Saved entries:
+ + + + + + +

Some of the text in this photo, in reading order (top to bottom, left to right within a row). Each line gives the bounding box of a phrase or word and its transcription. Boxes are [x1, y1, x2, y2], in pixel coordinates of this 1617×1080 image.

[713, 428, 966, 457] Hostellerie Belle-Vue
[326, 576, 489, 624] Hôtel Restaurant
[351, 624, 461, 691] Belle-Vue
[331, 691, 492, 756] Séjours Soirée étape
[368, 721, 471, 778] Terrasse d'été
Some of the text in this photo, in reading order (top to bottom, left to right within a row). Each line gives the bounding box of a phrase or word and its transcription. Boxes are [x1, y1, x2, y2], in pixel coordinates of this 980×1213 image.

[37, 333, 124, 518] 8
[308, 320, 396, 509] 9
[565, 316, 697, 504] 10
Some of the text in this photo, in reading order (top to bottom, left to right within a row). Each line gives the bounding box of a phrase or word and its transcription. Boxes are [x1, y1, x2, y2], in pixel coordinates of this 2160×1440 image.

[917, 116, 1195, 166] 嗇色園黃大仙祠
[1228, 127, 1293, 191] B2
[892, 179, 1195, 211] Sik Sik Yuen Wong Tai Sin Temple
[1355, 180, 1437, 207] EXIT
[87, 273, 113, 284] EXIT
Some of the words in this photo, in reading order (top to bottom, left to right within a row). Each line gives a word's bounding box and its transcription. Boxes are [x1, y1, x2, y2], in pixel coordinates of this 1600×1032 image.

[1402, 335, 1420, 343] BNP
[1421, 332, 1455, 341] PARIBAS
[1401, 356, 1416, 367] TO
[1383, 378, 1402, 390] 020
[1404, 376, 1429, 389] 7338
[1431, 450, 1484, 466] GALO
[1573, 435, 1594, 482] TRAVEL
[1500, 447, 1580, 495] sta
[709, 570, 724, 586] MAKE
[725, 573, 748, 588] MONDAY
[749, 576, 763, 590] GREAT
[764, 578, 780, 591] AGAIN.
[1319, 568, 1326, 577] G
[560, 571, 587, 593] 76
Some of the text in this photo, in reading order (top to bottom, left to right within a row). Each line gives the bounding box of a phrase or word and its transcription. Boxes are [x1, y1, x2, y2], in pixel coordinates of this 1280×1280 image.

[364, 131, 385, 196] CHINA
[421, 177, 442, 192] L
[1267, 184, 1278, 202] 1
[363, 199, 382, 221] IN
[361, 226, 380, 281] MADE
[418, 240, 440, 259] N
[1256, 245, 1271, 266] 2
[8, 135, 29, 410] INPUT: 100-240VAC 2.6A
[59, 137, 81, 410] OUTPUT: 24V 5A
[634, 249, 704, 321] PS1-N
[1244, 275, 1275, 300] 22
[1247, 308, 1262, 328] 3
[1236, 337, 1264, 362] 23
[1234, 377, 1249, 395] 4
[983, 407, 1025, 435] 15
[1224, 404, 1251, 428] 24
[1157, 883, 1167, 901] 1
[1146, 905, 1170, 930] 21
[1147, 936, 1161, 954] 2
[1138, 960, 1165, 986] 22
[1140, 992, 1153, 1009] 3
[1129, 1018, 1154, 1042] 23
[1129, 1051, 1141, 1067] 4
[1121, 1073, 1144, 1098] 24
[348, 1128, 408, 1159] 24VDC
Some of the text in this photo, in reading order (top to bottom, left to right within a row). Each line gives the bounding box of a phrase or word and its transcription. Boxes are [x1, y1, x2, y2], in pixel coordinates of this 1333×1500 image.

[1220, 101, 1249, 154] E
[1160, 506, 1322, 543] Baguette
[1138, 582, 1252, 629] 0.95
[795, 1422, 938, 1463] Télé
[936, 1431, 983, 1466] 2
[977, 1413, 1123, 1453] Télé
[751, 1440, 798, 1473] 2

+ + + + + + +

§ **Assignment**
The range runs from the line with "this 1280×1280 image." to the last line of the entries above, both included. Restate it word for word.

§ **Task result**
Some of the text in this photo, in reading order (top to bottom, left to right within a row). Each line gives the bounding box of a phrase or word and its transcription. Boxes are [x1, y1, x2, y2], in pixel coordinates of this 1280×1280 image.

[364, 131, 385, 196] CHINA
[421, 177, 442, 192] L
[1267, 184, 1278, 202] 1
[363, 199, 382, 221] IN
[361, 226, 380, 281] MADE
[418, 240, 440, 259] N
[1256, 245, 1271, 266] 2
[8, 135, 29, 410] INPUT: 100-240VAC 2.6A
[59, 137, 81, 410] OUTPUT: 24V 5A
[634, 249, 704, 321] PS1-N
[1244, 275, 1275, 300] 22
[1247, 308, 1262, 328] 3
[1236, 337, 1264, 362] 23
[1234, 377, 1249, 395] 4
[983, 407, 1025, 435] 15
[1224, 404, 1251, 428] 24
[1157, 883, 1167, 901] 1
[1146, 905, 1170, 930] 21
[1147, 936, 1161, 954] 2
[1138, 960, 1165, 986] 22
[1140, 992, 1153, 1009] 3
[1129, 1018, 1154, 1042] 23
[1129, 1051, 1141, 1067] 4
[1121, 1073, 1144, 1098] 24
[348, 1128, 408, 1159] 24VDC
Some of the text in this photo, in reading order (top to bottom, left to right within a row). Each line gives the bounding box of a phrase or word and its transcription. Boxes are [x1, y1, x2, y2], in pixel coordinates of this 1333×1500 image.

[1220, 101, 1249, 154] E
[1160, 506, 1322, 543] Baguette
[1138, 582, 1252, 629] 0.95
[795, 1422, 938, 1463] Télé
[936, 1431, 983, 1466] 2
[977, 1413, 1123, 1453] Télé
[751, 1440, 798, 1473] 2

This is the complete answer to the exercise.